Extract the line that contains "this 2212×1659 image." and every line after it to the end of the records below, exactly as written and nothing else.

Text-to-region grounding data:
=======
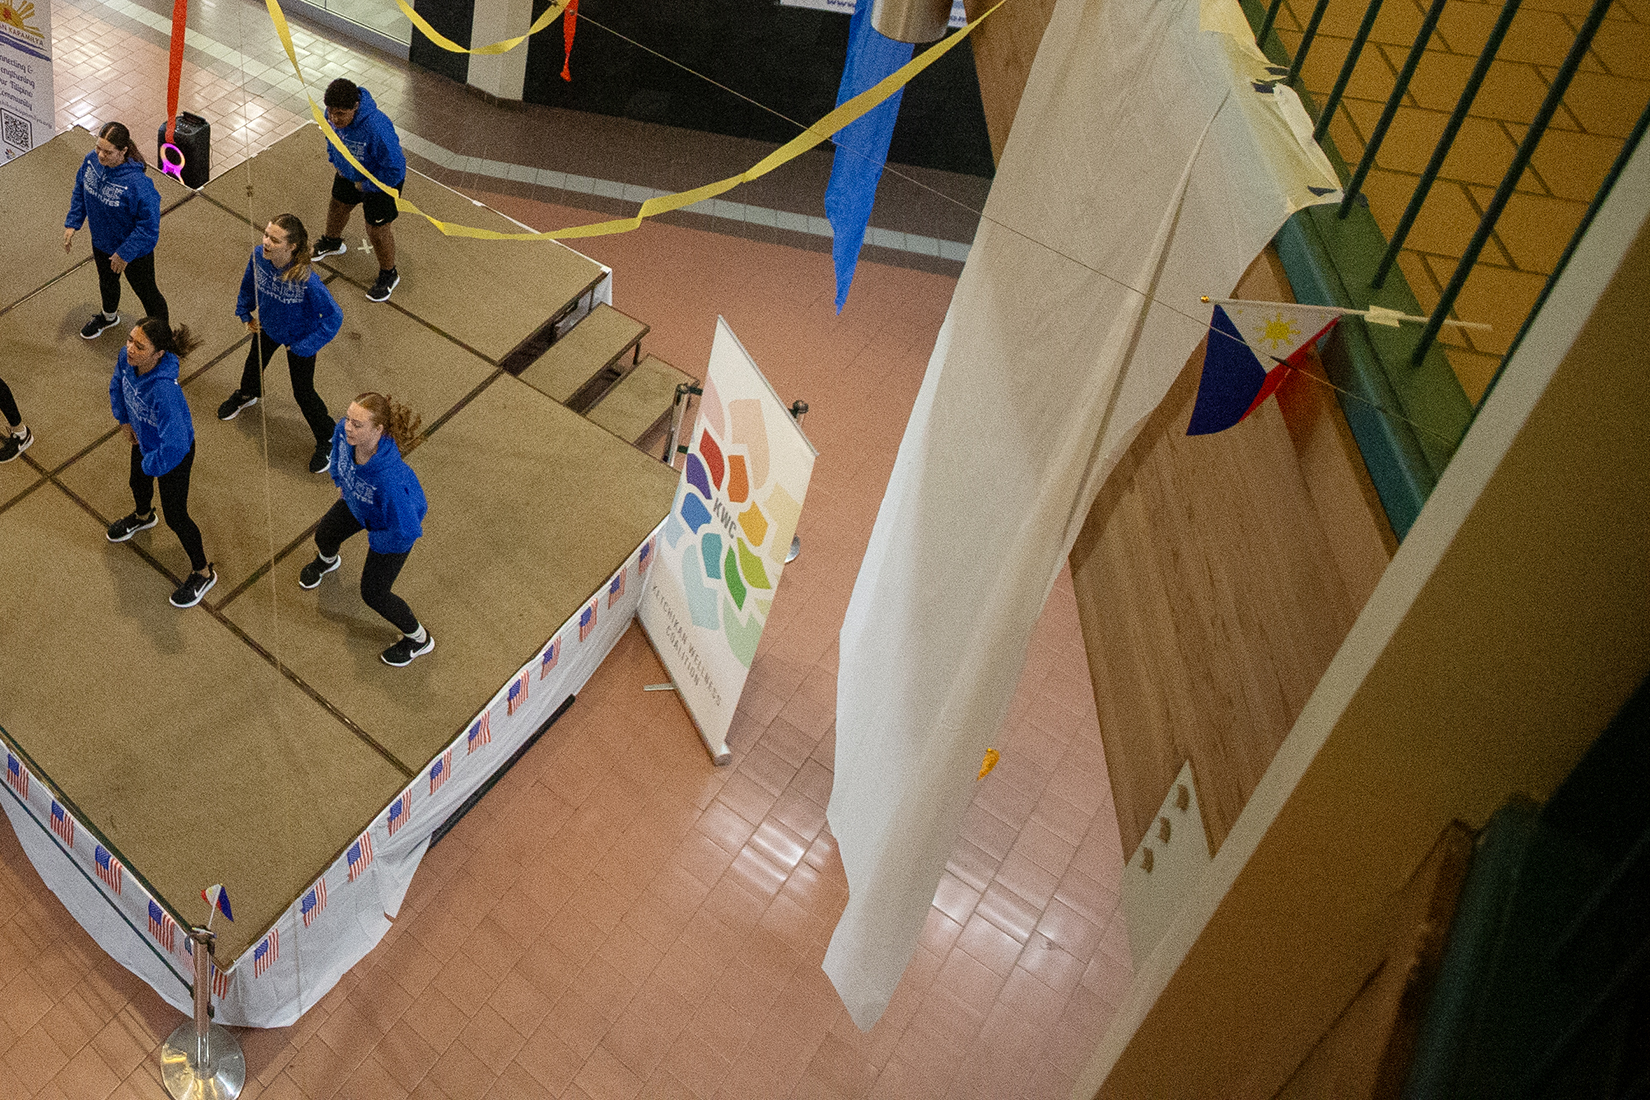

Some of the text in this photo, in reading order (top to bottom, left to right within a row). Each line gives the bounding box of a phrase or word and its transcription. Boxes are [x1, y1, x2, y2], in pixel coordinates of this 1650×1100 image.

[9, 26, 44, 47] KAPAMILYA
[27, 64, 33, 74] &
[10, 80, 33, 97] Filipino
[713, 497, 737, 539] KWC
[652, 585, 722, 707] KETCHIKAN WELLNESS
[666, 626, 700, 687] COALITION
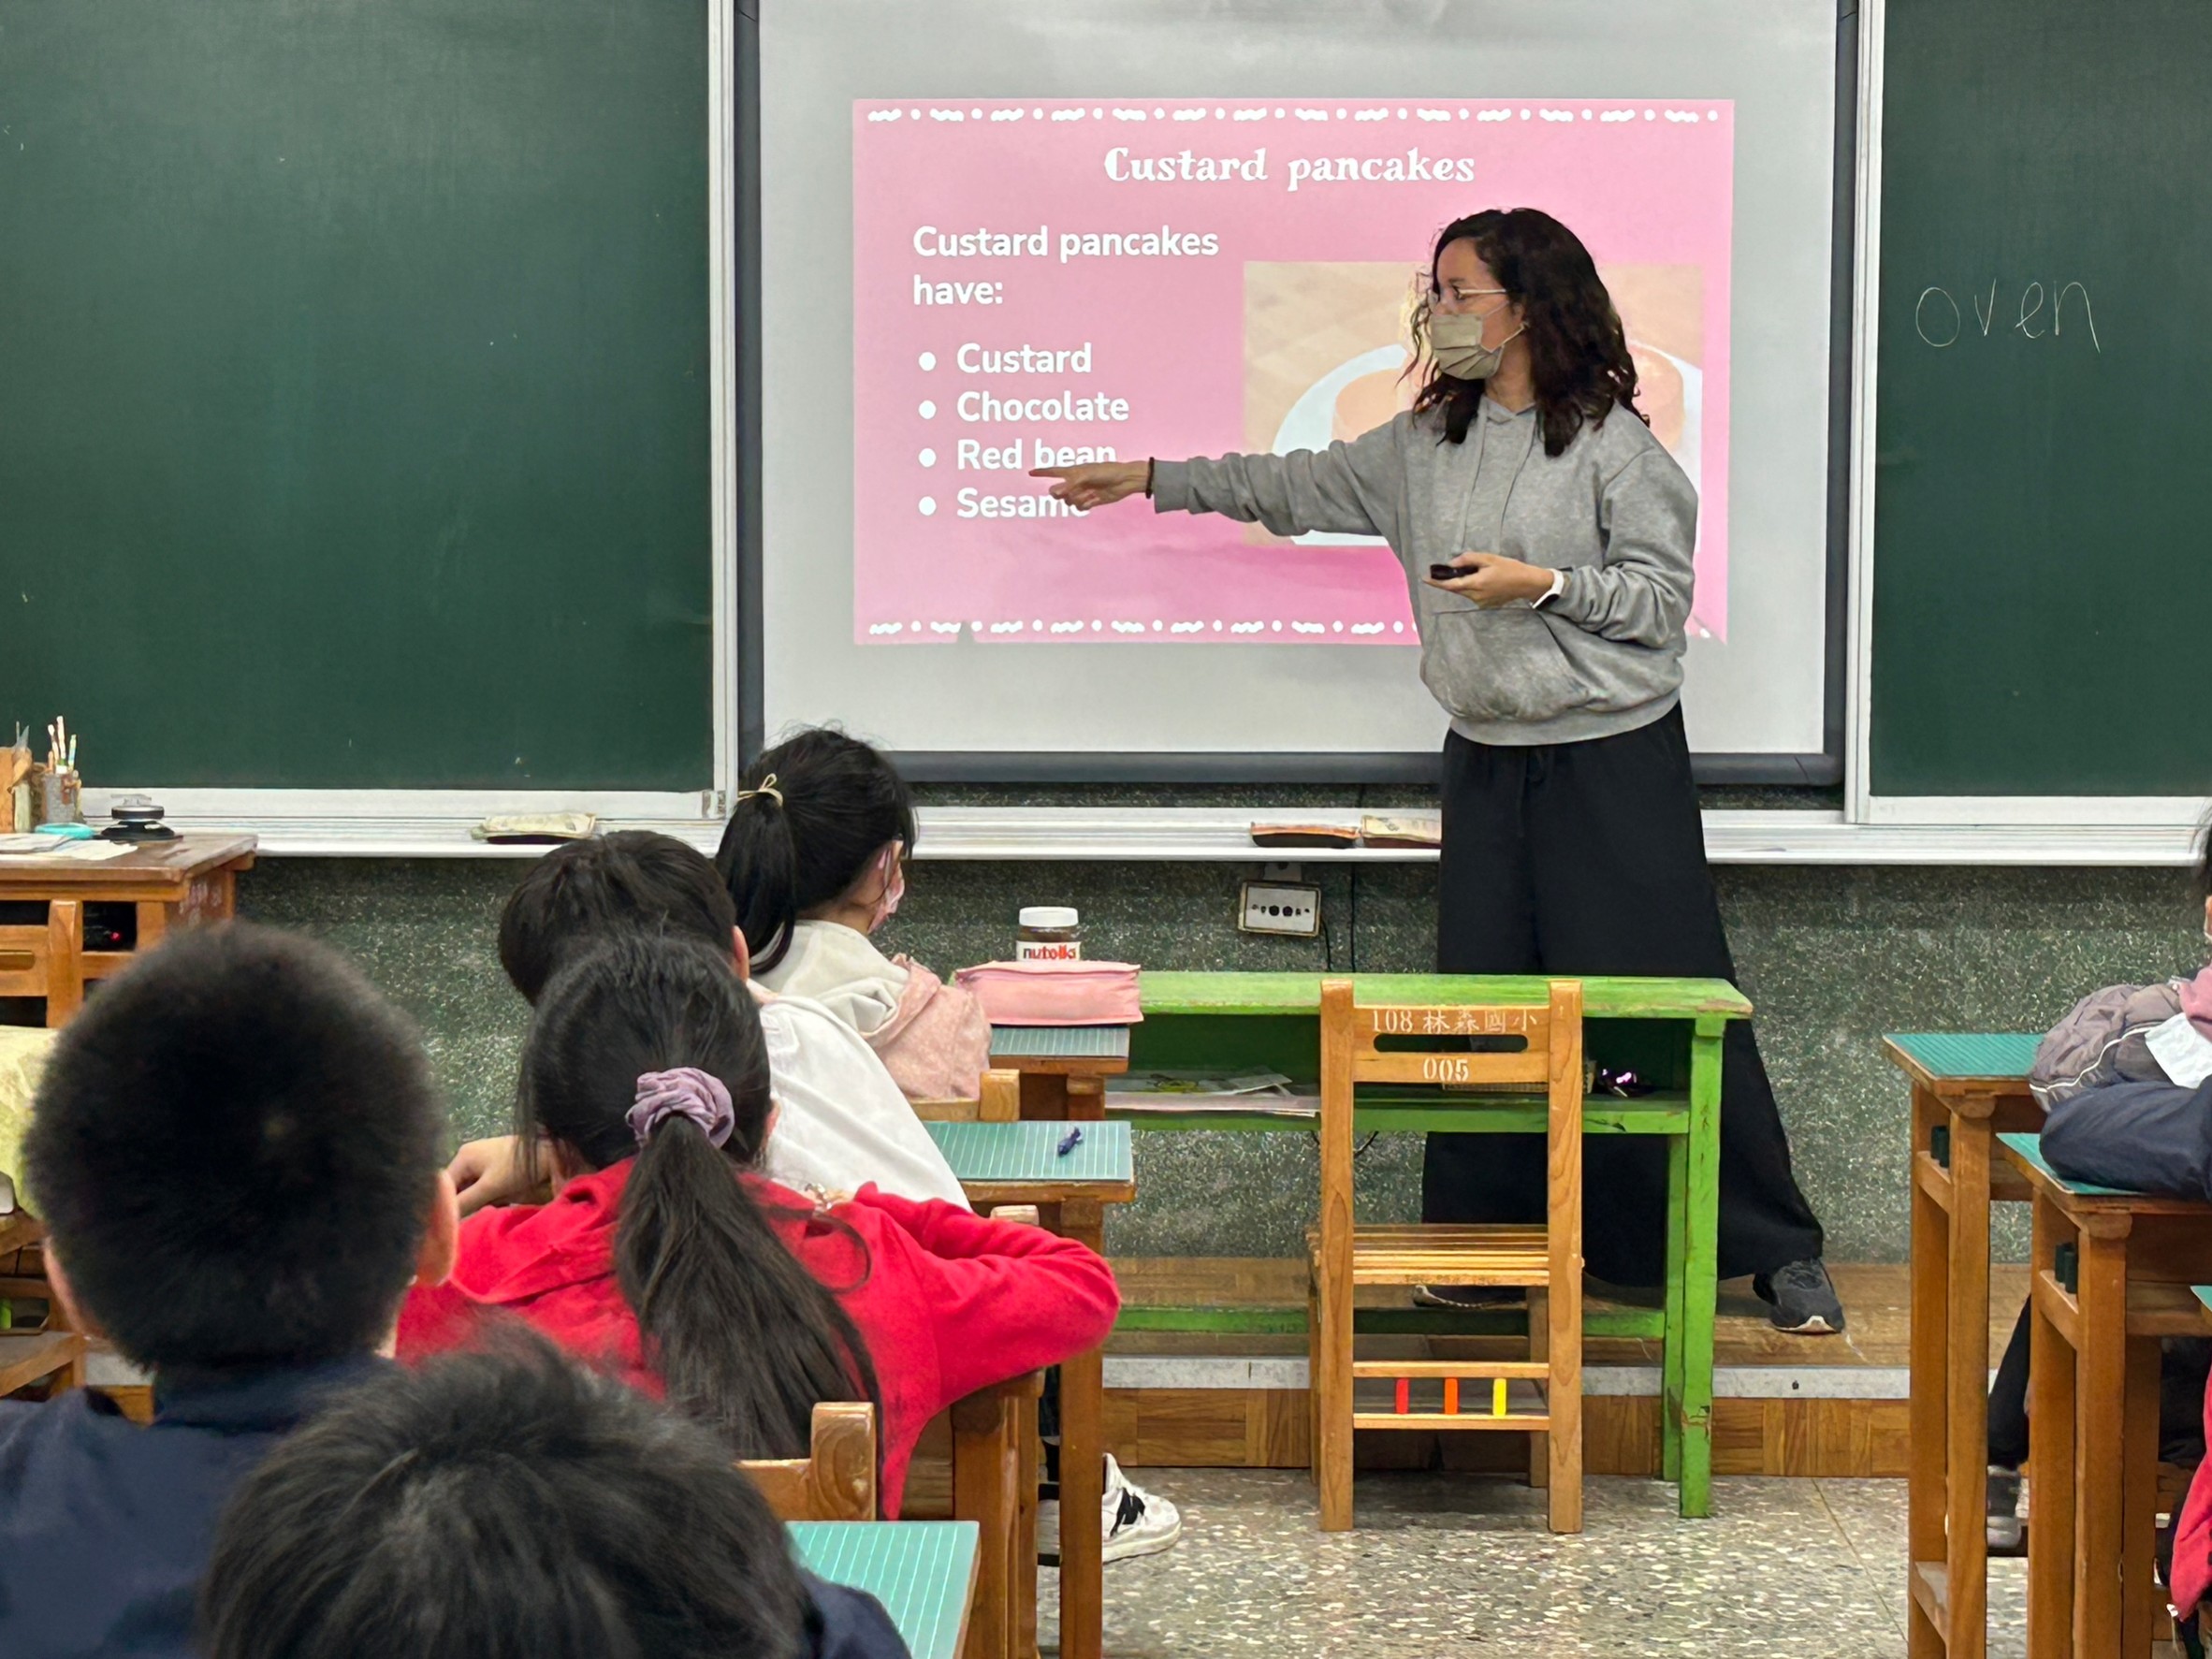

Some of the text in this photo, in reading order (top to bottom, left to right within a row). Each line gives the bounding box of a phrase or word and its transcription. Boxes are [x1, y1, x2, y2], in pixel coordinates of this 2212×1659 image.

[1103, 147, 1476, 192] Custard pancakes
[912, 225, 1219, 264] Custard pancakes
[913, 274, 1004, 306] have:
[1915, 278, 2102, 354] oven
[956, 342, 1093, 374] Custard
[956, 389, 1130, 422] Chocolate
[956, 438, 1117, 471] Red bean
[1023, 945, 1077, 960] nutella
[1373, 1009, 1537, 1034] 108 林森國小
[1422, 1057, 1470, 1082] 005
=======
Output for this exercise —
Some of the text in this photo, in reading order (top to bottom, left to right within a row). Each line gives the bounding box of a phrase or word and its transcription. Boxes are [x1, y1, x2, y2], in pixel coordinates of this 2212×1659 image.

[1103, 147, 1476, 192] Custard pancakes
[912, 225, 1219, 264] Custard pancakes
[913, 274, 1004, 306] have:
[1915, 278, 2102, 354] oven
[956, 342, 1093, 374] Custard
[956, 389, 1130, 422] Chocolate
[956, 438, 1117, 471] Red bean
[1023, 945, 1077, 960] nutella
[1373, 1009, 1537, 1034] 108 林森國小
[1422, 1057, 1470, 1082] 005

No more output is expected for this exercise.